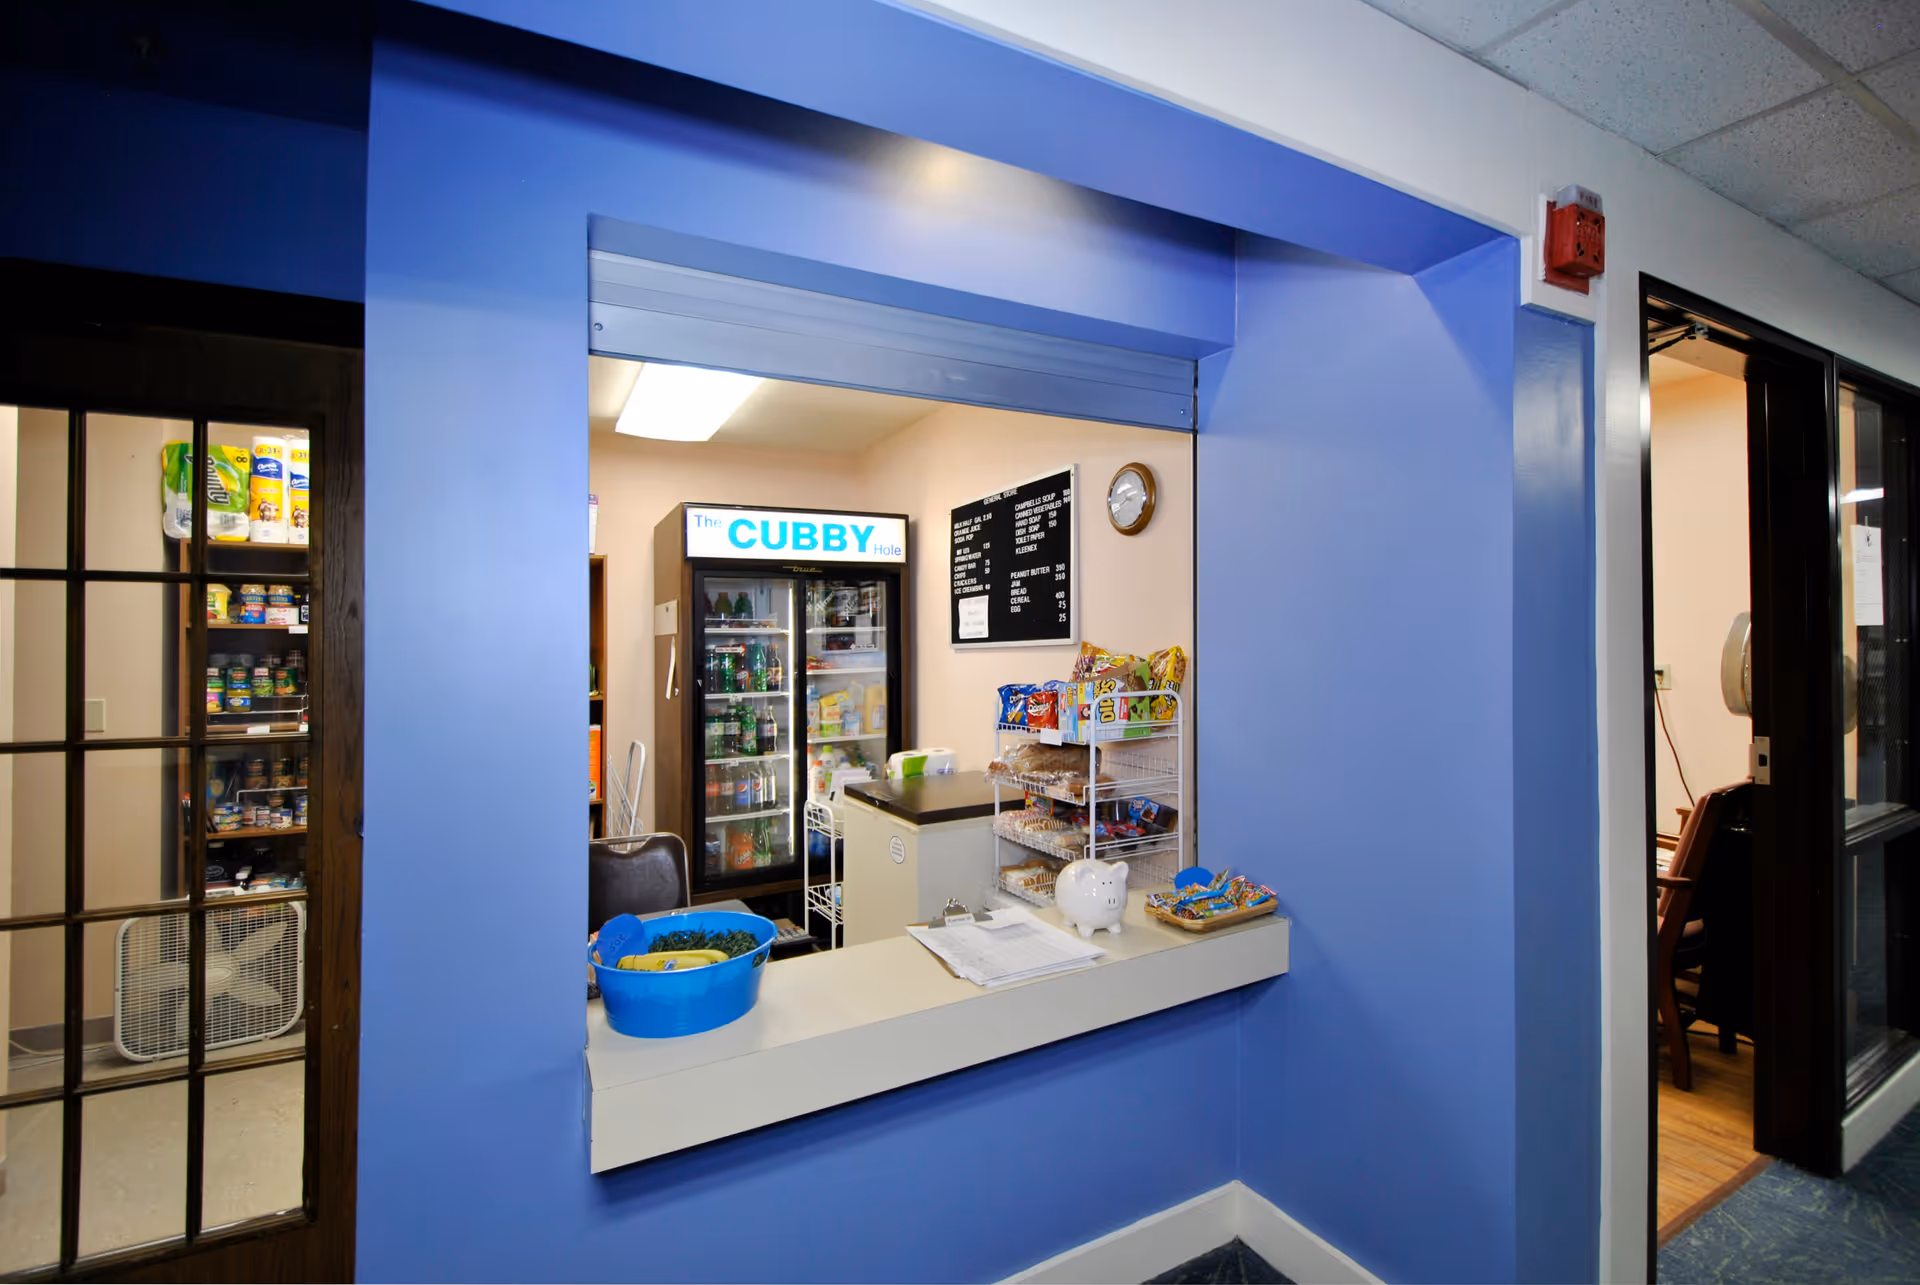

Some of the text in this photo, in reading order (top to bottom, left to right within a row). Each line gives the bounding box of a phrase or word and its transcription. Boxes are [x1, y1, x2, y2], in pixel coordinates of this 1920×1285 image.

[1015, 496, 1042, 511] CAMPBELLS
[1042, 492, 1056, 503] SOUP
[1015, 508, 1033, 520] CANNED
[1033, 499, 1062, 515] VEGETABLES
[1015, 518, 1028, 528] HAND
[1028, 514, 1042, 525] SOAP
[694, 514, 902, 557] The CUBBY Hole
[1015, 527, 1027, 537] DISH
[1028, 523, 1040, 533] SOAP
[1015, 531, 1045, 545] TOILET PAPER
[1015, 543, 1038, 555] KLEENEX
[1010, 569, 1030, 579] PEANUT
[1030, 565, 1050, 576] BUTTER
[954, 577, 977, 588] CRACKERS
[1010, 580, 1021, 588] JAM
[954, 587, 962, 595] ICE
[1010, 587, 1027, 596] BREAD
[1010, 596, 1031, 605] CEREAL
[1010, 605, 1021, 613] EGG
[1058, 613, 1066, 622] 25
= = = = =
Directions for this task
Each line of the listing above must be given again exactly; the pictures are to be left out.

Task output
Some of the text in this photo, in reading order (top to bottom, left to right within a row). Each line gives the bounding box of a phrase or word and its transcription. Boxes are [x1, y1, x2, y2], in pixel coordinates of this 1920×1285 image.

[1015, 496, 1042, 511] CAMPBELLS
[1042, 492, 1056, 503] SOUP
[1015, 508, 1033, 520] CANNED
[1033, 499, 1062, 515] VEGETABLES
[1015, 518, 1028, 528] HAND
[1028, 514, 1042, 525] SOAP
[694, 514, 902, 557] The CUBBY Hole
[1015, 527, 1027, 537] DISH
[1028, 523, 1040, 533] SOAP
[1015, 531, 1045, 545] TOILET PAPER
[1015, 543, 1038, 555] KLEENEX
[1010, 569, 1030, 579] PEANUT
[1030, 565, 1050, 576] BUTTER
[954, 577, 977, 588] CRACKERS
[1010, 580, 1021, 588] JAM
[954, 587, 962, 595] ICE
[1010, 587, 1027, 596] BREAD
[1010, 596, 1031, 605] CEREAL
[1010, 605, 1021, 613] EGG
[1058, 613, 1066, 622] 25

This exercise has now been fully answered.